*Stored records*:
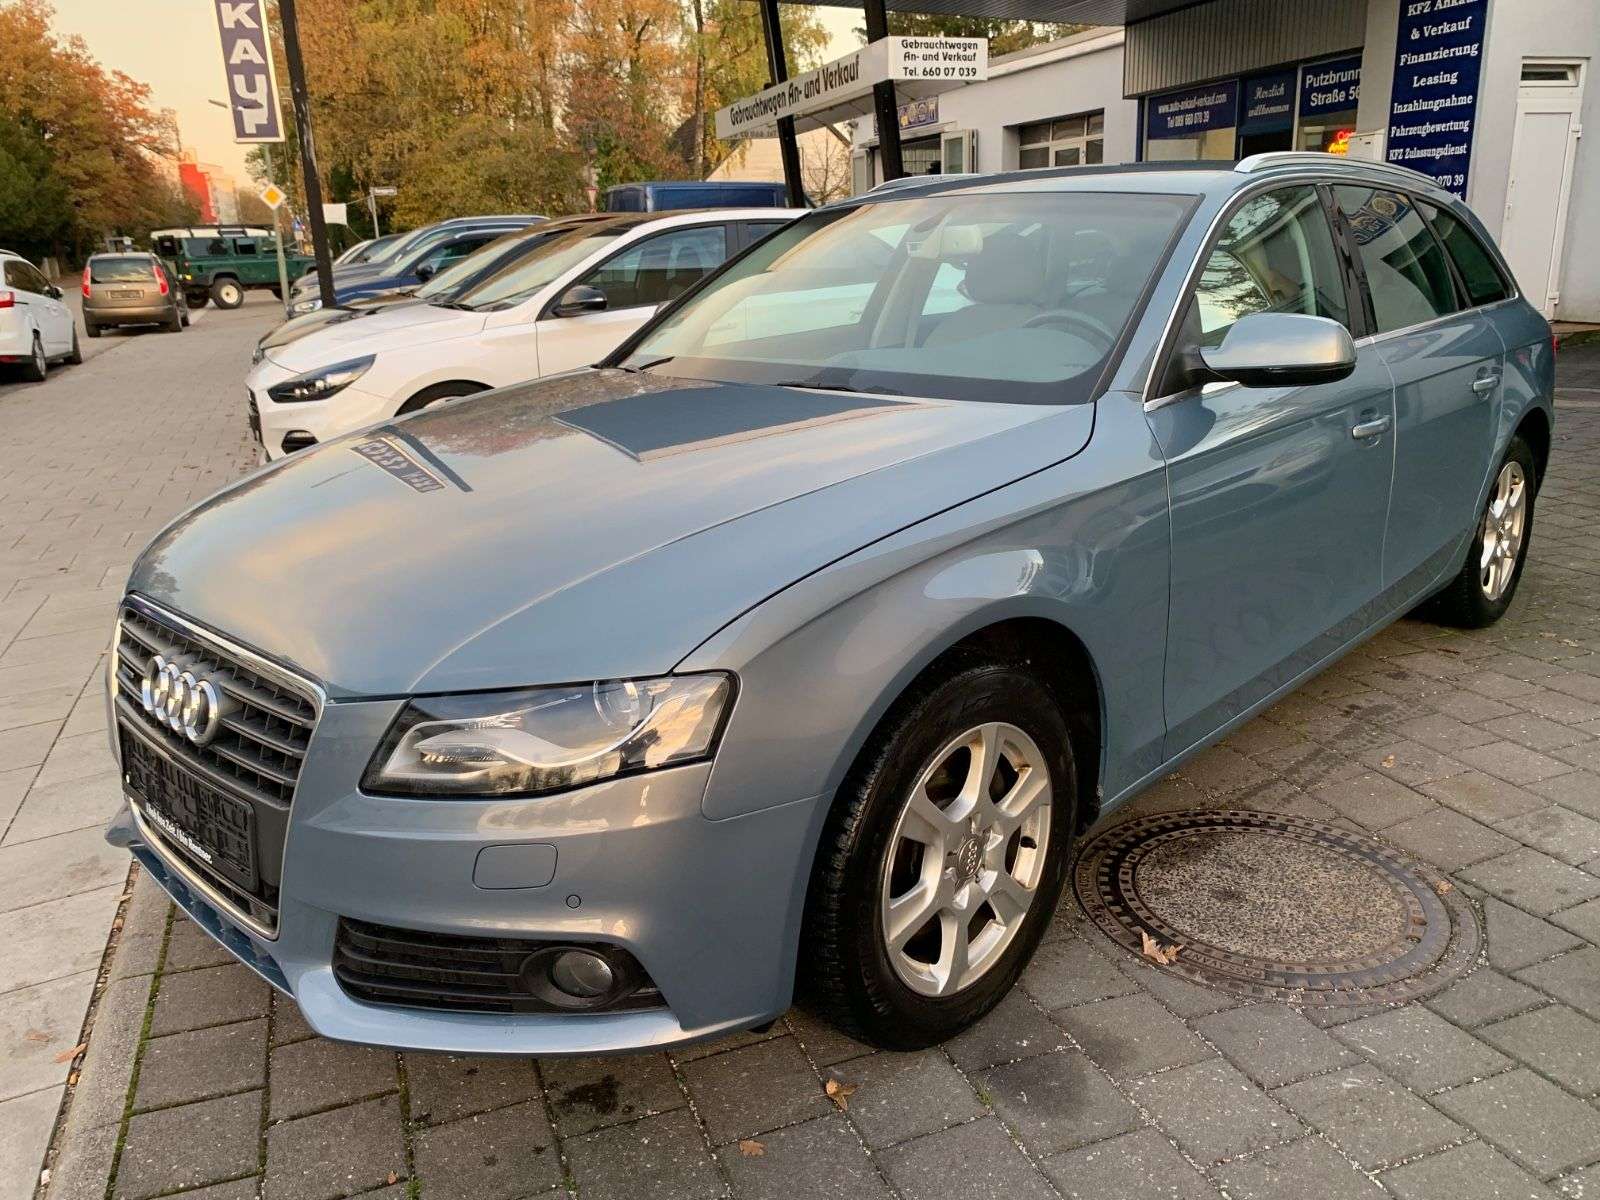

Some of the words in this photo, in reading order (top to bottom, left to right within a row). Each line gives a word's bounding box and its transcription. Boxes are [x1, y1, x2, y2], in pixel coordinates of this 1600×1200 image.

[1407, 1, 1431, 17] KFZ
[1433, 0, 1478, 11] Anka
[1410, 28, 1420, 40] &
[1423, 16, 1472, 38] Verkauf
[901, 39, 978, 51] Gebrauchtwagen
[903, 51, 920, 62] An-
[922, 52, 939, 62] und
[942, 52, 977, 62] Verkauf
[1399, 43, 1479, 66] Finanzierung
[922, 67, 940, 77] 660
[943, 67, 955, 77] 07
[958, 67, 977, 77] 039
[1412, 71, 1459, 88] Leasing
[730, 91, 787, 126] Gebrauchtwagen
[788, 82, 802, 107] An-
[804, 71, 820, 99] und
[822, 54, 859, 91] Verkauf
[1309, 88, 1346, 107] Straße
[1393, 94, 1473, 114] Inzahlungnahme
[1391, 120, 1470, 137] Fahrzeugbewertung
[1389, 149, 1403, 160] KFZ
[1404, 143, 1467, 159] Zulassungsdienst
[1453, 174, 1464, 186] 39
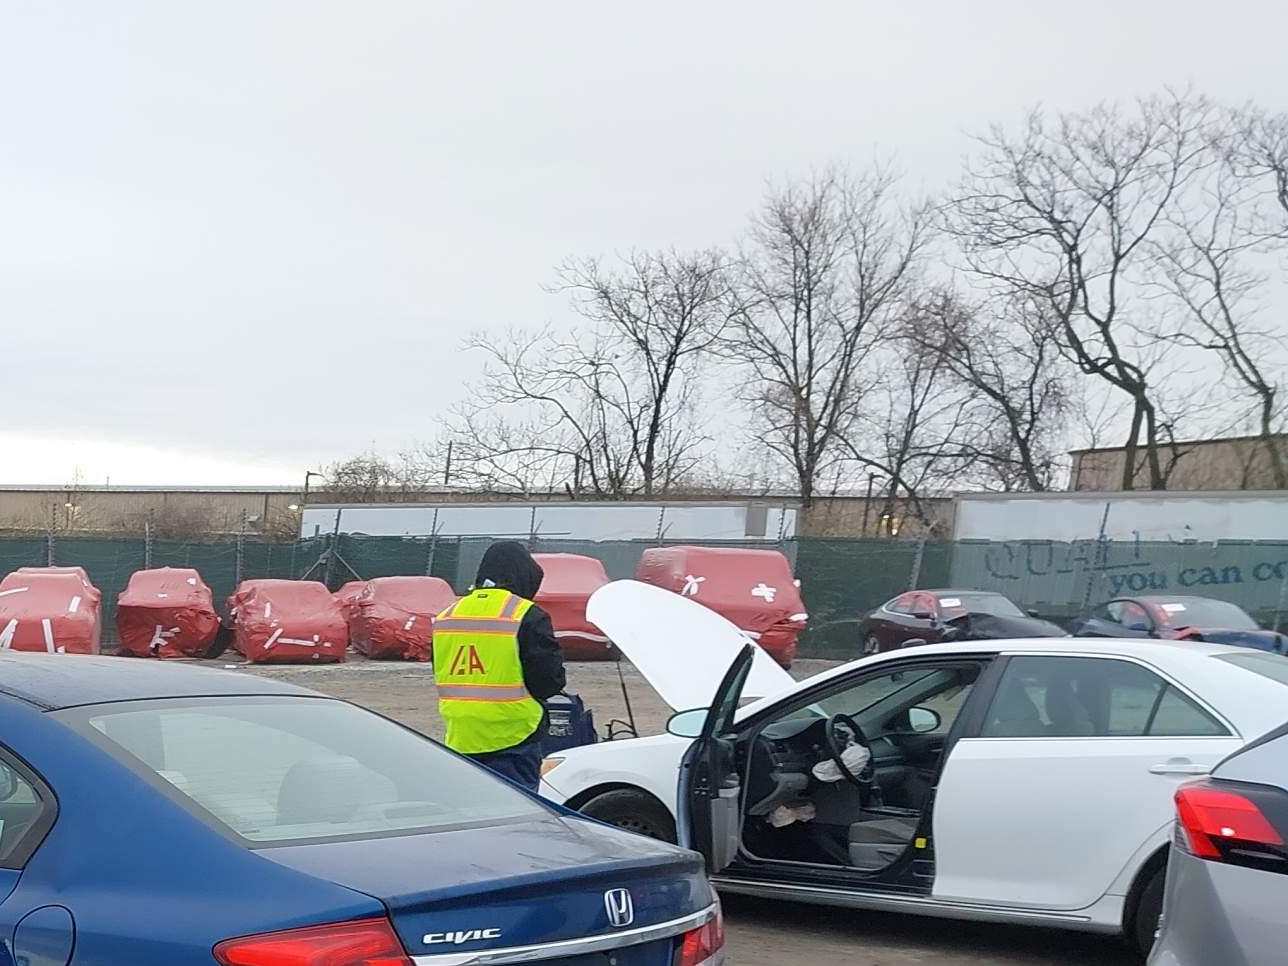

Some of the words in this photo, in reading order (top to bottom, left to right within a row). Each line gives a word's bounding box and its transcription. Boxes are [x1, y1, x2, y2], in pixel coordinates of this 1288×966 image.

*Task details*:
What is needed is every entry above, repeated exactly, with the pictures dropped.

*Result for this exercise*:
Some of the words in this photo, in reading order (top to bottom, left to right within a row). Each line gives a word's bounding box and its transcription. Boxes are [x1, y1, x2, y2], in pixel coordinates of this 1600×1200 image.

[1407, 1, 1431, 17] KFZ
[1433, 0, 1478, 11] Anka
[1410, 28, 1420, 40] &
[1423, 16, 1472, 38] Verkauf
[901, 39, 978, 51] Gebrauchtwagen
[903, 51, 920, 62] An-
[922, 52, 939, 62] und
[942, 52, 977, 62] Verkauf
[1399, 43, 1479, 66] Finanzierung
[922, 67, 940, 77] 660
[943, 67, 955, 77] 07
[958, 67, 977, 77] 039
[1412, 71, 1459, 88] Leasing
[730, 91, 787, 126] Gebrauchtwagen
[788, 82, 802, 107] An-
[804, 71, 820, 99] und
[822, 54, 859, 91] Verkauf
[1309, 88, 1346, 107] Straße
[1393, 94, 1473, 114] Inzahlungnahme
[1391, 120, 1470, 137] Fahrzeugbewertung
[1389, 149, 1403, 160] KFZ
[1404, 143, 1467, 159] Zulassungsdienst
[1453, 174, 1464, 186] 39

Some of the words in this photo, in reading order (top to bottom, left to right within a row). Each line gives a word's bounding box and its transcription. Boxes are [x1, y1, x2, y2], in pixel coordinates of this 1288×966 image.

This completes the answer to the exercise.